Published: Thu, November 09, 2017
Sport | By Wilson Duncan

Top Red Sox Prospect Dies Of Complications During Cancer Treatment

Top Red Sox Prospect Dies Of Complications During Cancer Treatment

Red Sox Nation was struck by terrible news Wednesday afternoon, as it was revealed that minor league catching prospect Daniel Flores has passed away due to complications during cancer treatment. According to a tweet from Victor Gomez, translated by Max Wildstein of The Sporting News, Flores was diagnosed with late-stage pancreatic cancer.

The Red Sox organization released a statement from team president Dave Dombrowski and vice president Eddie Romero on Wednesday night. We send our honest condolences to Daniel's family and those in the Red Sox organization who had the opportunity to get to know this 17-year-old young man. "On behalf of the Red Sox organization, I would like to extend our deepest sympathies and condolences to Daniel's family". Flores, a catcher signed this past July out of Nueva Esparta, Venezuela, certainly held great promise on the field based on reports-as much as any addition to the farm system in recent memory.
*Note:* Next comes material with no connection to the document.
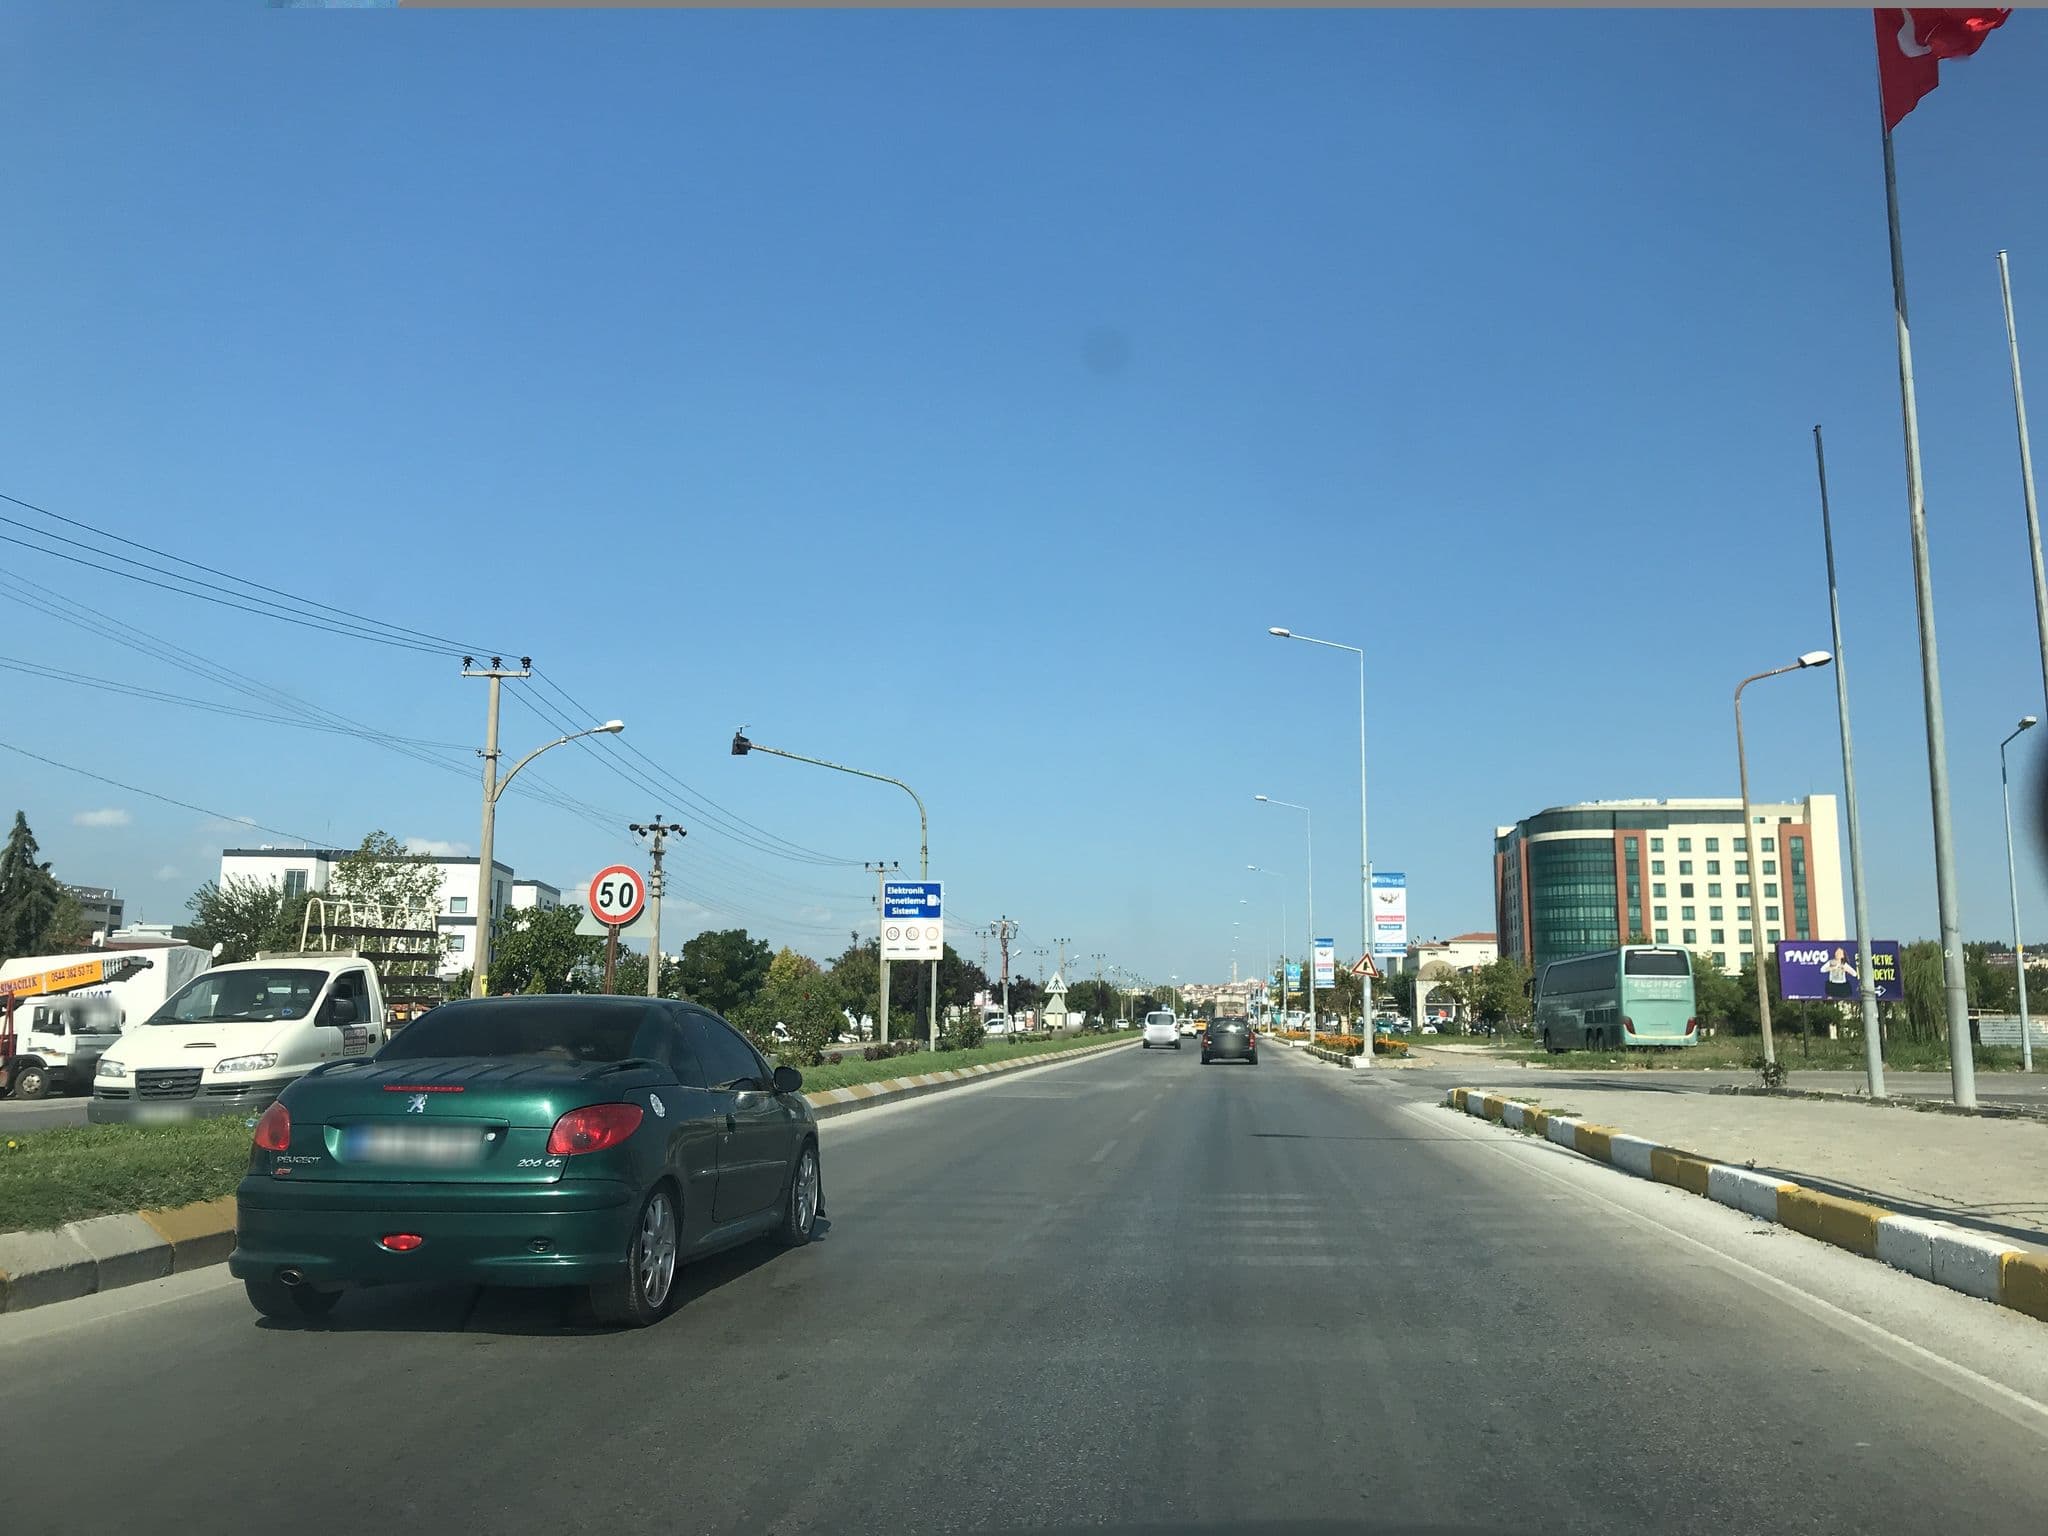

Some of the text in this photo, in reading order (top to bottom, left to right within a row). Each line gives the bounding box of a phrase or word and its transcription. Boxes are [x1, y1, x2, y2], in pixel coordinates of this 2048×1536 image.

Flores idolized Salvador Perez, the Kansas City Royals catcher and another native Venezuelan, and was generally regarded as one of the top worldwide prospects in the Red Sox system if not all of baseball.

Manny Padron, one of Flores' coaches, told Hardball Scoop in July that the player was very mature for his age. He was energetic, hard-working, and genuinely selfless, always with a smile on his face. "In the offense, he shows a lot of power in the right side and a lot of ability in the left side". I'm at a loss for words today. He will improve, he always does, in every aspect of the game.

Flores is survived by his mother and a sister.

Dombrowski said the Red Sox "had interest in a couple" of pitching coaches who went elsewhere, and they were still looking to fill the position when organizational meetings began Monday at Fenway Park.

Romero added Wednesday that Flores was "an impressive young man with limitless potential".

Many pitching coaches on the market shuffled teams, including former Red Sox pitching coach Carl Willis, who was hired for the same role by the Cleveland Indians.